Putin ożywił „dwubiegunową konfrontację”: podwojenie rosyjskiej armii ma na celu konfrontację z Zachodem

Mikhail Metzel / AP

21 grudnia Putin zapowiedział planowane na 2023 rok reformy w armii rosyjskiej: jej liczebność faktycznie podwoi się na tle utworzenia dwóch nowych okręgów wojskowych – moskiewskiego i leningradzkiego, a także zwiększonej produkcji wszystkich możliwych typów broń m.in nuklearny, który posłuży do wyposażenia nowych i istniejących jednostek wojskowych. Oznacza to, że Putin zaplanował długą wojnę, która potrwa wiele lat iw przyszłości może wyjść poza granice Ukrainy. Absolutnie konieczne jest, aby nie dopuścić do wprowadzenia tych reform przez Putina, bo w takim przypadku świat powróci do czasów blokowej konfrontacji. Putin nie ukrywa, że ​​jego celem jest ekspansja nie tylko na Ukrainie, ale także w niektórych krajach Zachodu. Armia rosyjska musi zostać zatrzymana na Ukrainie. To jest kwestia przyszłości pokoju w Europie.

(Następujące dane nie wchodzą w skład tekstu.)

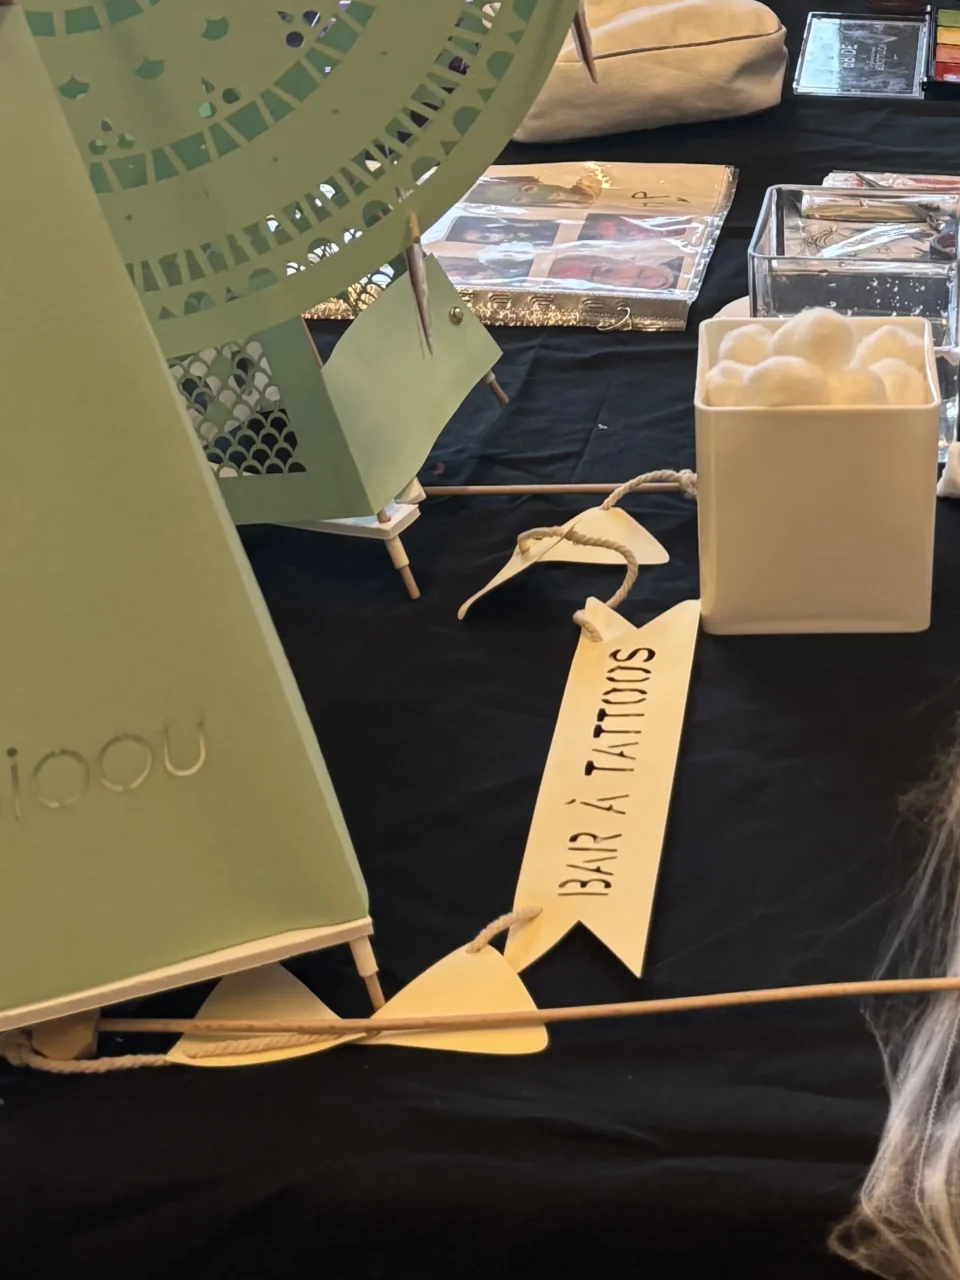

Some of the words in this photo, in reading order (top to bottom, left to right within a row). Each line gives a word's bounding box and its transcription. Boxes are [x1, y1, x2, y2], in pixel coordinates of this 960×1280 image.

[584, 647, 656, 776] TATTOOS
[564, 794, 629, 815] À
[558, 832, 622, 896] BAR
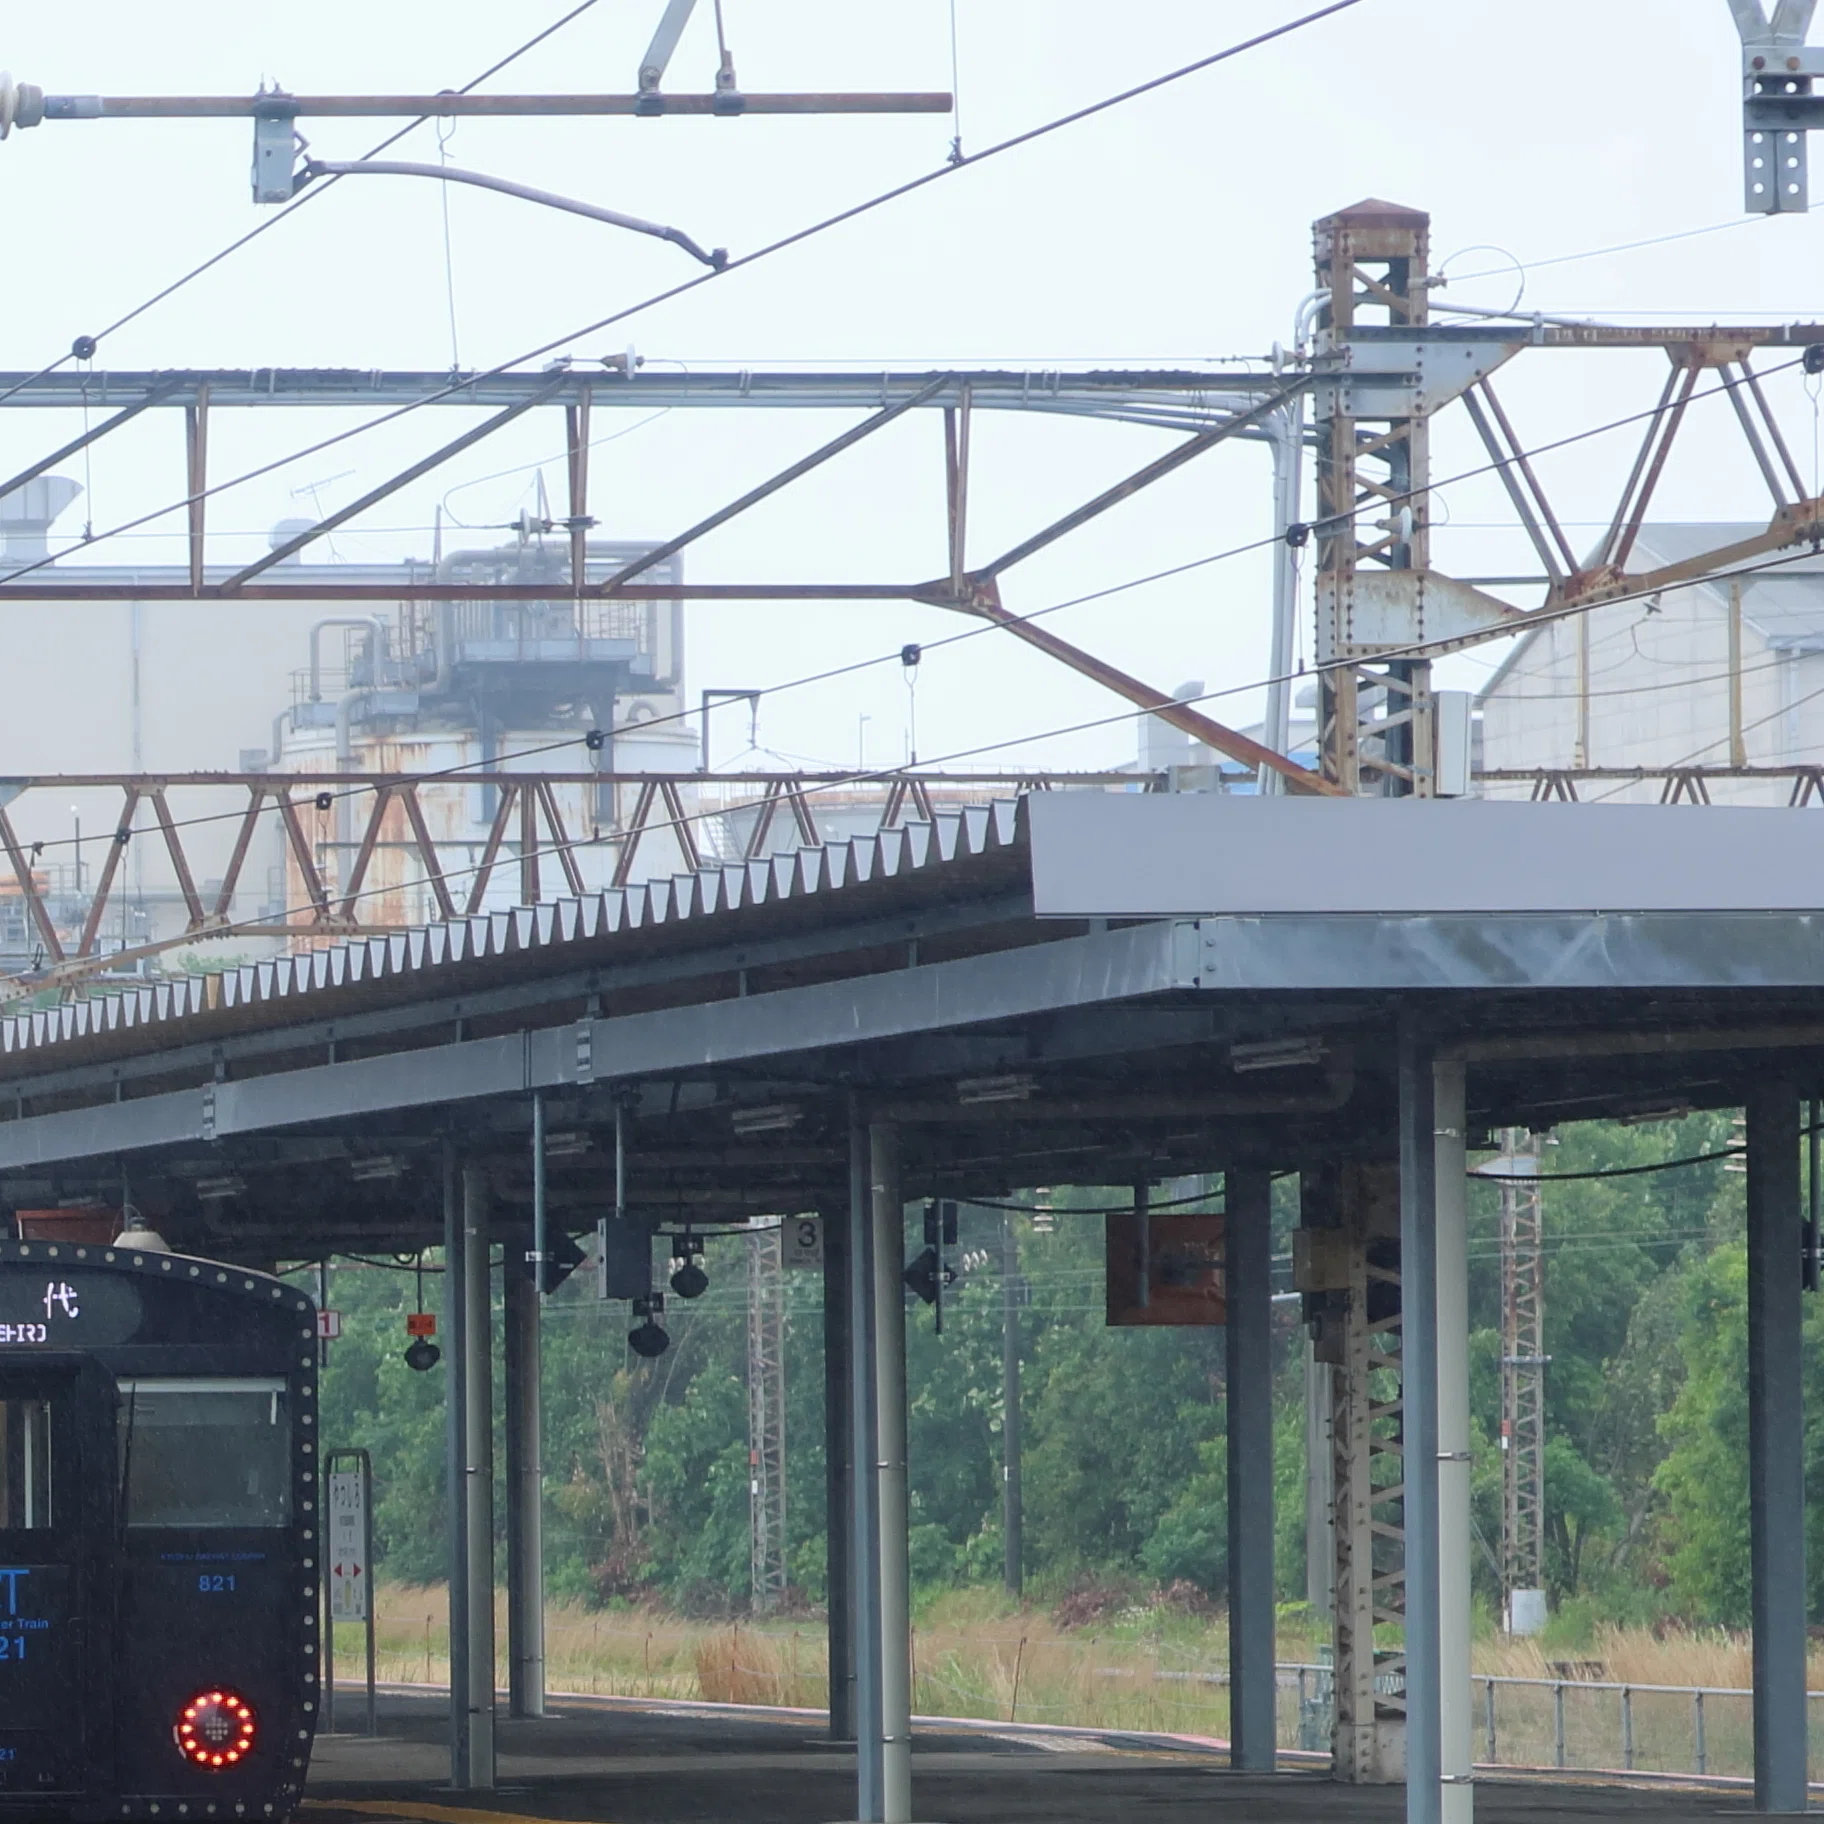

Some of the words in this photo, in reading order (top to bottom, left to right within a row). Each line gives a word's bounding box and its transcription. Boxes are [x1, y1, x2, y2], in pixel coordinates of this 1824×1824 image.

[798, 1221, 816, 1247] 3
[318, 1313, 330, 1333] 1
[198, 1574, 236, 1592] 821
[17, 1618, 49, 1630] Train

Na rozszerzonym posiedzeniu kolegium Ministerstwa Obrony Federacji Rosyjskiej w środę 21 grudnia ogłoszono najgłębsze reformy w rosyjskiej armii od 1991 roku, których wdrożenie planowane jest na przyszły rok. Mówimy o wzroście jej personelu w rzeczywistości dwukrotnie: do 1,5 miliona osób. Powstaną też dwa nowe okręgi wojskowe: moskiewski i leningradzki. W Karelii powstanie nowy kompleks wojskowy. Formacje te będą rozlokowane blisko granic UE i nietrudno się domyślić, że w przyszłości mogą być zaangażowane w wojnę z Europą. Shoigu zapowiedział stopniowe podwyższanie wieku poboru do służby wojskowej: najpierw górna granica wzrośnie do 21 lat, potem do 30 lat. Oznacza to, że w drugiej połowie 2023 roku do wojska zostaną powołani trzydziestolatkowie, którzy będą mieli status szeregowców. To w pełni koreluje z nieoficjalnymi informacjami o planowanej powszechnej mobilizacji w Federacji Rosyjskiej i potwierdza, że ​​Rosja planuje długą wojnę, która potrwa wiele lat i zakończy się, gdy Putin nie będzie miał już o co walczyć. Shoigu powiedział również, że „triada nuklearna” Federacji Rosyjskiej została uzupełniona nowym bombowcem strategicznym Tu-160M. Planowane jest utworzenie 5 nowych dywizji artylerii i 5 dywizji piechoty morskiej. Powstaną 22 nowe wyrzutnie międzykontynentalnych rakiet balistycznych „Yars”, „Avangard” i „Sarmat”. Produkcja precyzyjnych hipersonicznych kompleksów rakietowych „Sztylet” i „Cyrkon” zostanie zwiększona.

Wspomniane reformy, w przypadku pomyślnego ich wdrożenia, oznaczają faktyczny powrót ludzkości do czasów dwubiegunowej konfrontacji z bezpośrednim udziałem Putina. Powrót do czasów, kiedy ludzie na co dzień żyli w strachu przed możliwą wojną nuklearną, nie jest strachem, ale okrutną rzeczywistością, której konsekwentnie uosabia Rosja.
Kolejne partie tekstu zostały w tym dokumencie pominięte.